* _Instructions for the task_
Please transcribe the following records in full, exactly as given.

* _Records_
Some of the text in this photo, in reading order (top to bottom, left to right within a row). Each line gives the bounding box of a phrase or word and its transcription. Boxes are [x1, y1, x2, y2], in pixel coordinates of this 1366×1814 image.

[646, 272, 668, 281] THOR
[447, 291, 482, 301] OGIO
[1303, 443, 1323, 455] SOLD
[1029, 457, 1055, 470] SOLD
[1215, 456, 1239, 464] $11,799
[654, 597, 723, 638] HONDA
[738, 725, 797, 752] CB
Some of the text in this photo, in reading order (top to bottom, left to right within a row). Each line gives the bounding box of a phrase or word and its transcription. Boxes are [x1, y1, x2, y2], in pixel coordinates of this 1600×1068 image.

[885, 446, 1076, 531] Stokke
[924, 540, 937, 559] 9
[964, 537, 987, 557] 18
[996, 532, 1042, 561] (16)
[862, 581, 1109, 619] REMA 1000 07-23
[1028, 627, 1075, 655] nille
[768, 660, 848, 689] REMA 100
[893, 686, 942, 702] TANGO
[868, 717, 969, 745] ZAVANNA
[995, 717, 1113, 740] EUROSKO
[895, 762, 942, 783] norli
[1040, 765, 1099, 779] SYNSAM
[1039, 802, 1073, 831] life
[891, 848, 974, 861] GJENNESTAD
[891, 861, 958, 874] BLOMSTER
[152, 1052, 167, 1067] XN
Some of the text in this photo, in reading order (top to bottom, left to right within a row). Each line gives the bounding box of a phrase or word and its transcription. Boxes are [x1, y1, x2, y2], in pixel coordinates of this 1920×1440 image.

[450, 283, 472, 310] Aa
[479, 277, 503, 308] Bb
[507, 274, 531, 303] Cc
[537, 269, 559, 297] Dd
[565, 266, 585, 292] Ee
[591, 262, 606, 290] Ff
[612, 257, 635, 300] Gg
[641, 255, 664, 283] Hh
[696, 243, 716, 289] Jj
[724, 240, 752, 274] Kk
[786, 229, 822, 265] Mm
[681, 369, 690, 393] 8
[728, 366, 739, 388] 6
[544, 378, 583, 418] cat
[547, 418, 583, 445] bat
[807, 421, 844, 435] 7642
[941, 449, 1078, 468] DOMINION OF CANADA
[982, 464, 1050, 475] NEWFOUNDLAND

* _Result_
Some of the text in this photo, in reading order (top to bottom, left to right within a row). Each line gives the bounding box of a phrase or word and its transcription. Boxes are [x1, y1, x2, y2], in pixel coordinates of this 1366×1814 image.

[646, 272, 668, 281] THOR
[447, 291, 482, 301] OGIO
[1303, 443, 1323, 455] SOLD
[1029, 457, 1055, 470] SOLD
[1215, 456, 1239, 464] $11,799
[654, 597, 723, 638] HONDA
[738, 725, 797, 752] CB
Some of the text in this photo, in reading order (top to bottom, left to right within a row). Each line gives the bounding box of a phrase or word and its transcription. Boxes are [x1, y1, x2, y2], in pixel coordinates of this 1600×1068 image.

[885, 446, 1076, 531] Stokke
[924, 540, 937, 559] 9
[964, 537, 987, 557] 18
[996, 532, 1042, 561] (16)
[862, 581, 1109, 619] REMA 1000 07-23
[1028, 627, 1075, 655] nille
[768, 660, 848, 689] REMA 100
[893, 686, 942, 702] TANGO
[868, 717, 969, 745] ZAVANNA
[995, 717, 1113, 740] EUROSKO
[895, 762, 942, 783] norli
[1040, 765, 1099, 779] SYNSAM
[1039, 802, 1073, 831] life
[891, 848, 974, 861] GJENNESTAD
[891, 861, 958, 874] BLOMSTER
[152, 1052, 167, 1067] XN
Some of the text in this photo, in reading order (top to bottom, left to right within a row). Each line gives the bounding box of a phrase or word and its transcription. Boxes are [x1, y1, x2, y2], in pixel coordinates of this 1920×1440 image.

[450, 283, 472, 310] Aa
[479, 277, 503, 308] Bb
[507, 274, 531, 303] Cc
[537, 269, 559, 297] Dd
[565, 266, 585, 292] Ee
[591, 262, 606, 290] Ff
[612, 257, 635, 300] Gg
[641, 255, 664, 283] Hh
[696, 243, 716, 289] Jj
[724, 240, 752, 274] Kk
[786, 229, 822, 265] Mm
[681, 369, 690, 393] 8
[728, 366, 739, 388] 6
[544, 378, 583, 418] cat
[547, 418, 583, 445] bat
[807, 421, 844, 435] 7642
[941, 449, 1078, 468] DOMINION OF CANADA
[982, 464, 1050, 475] NEWFOUNDLAND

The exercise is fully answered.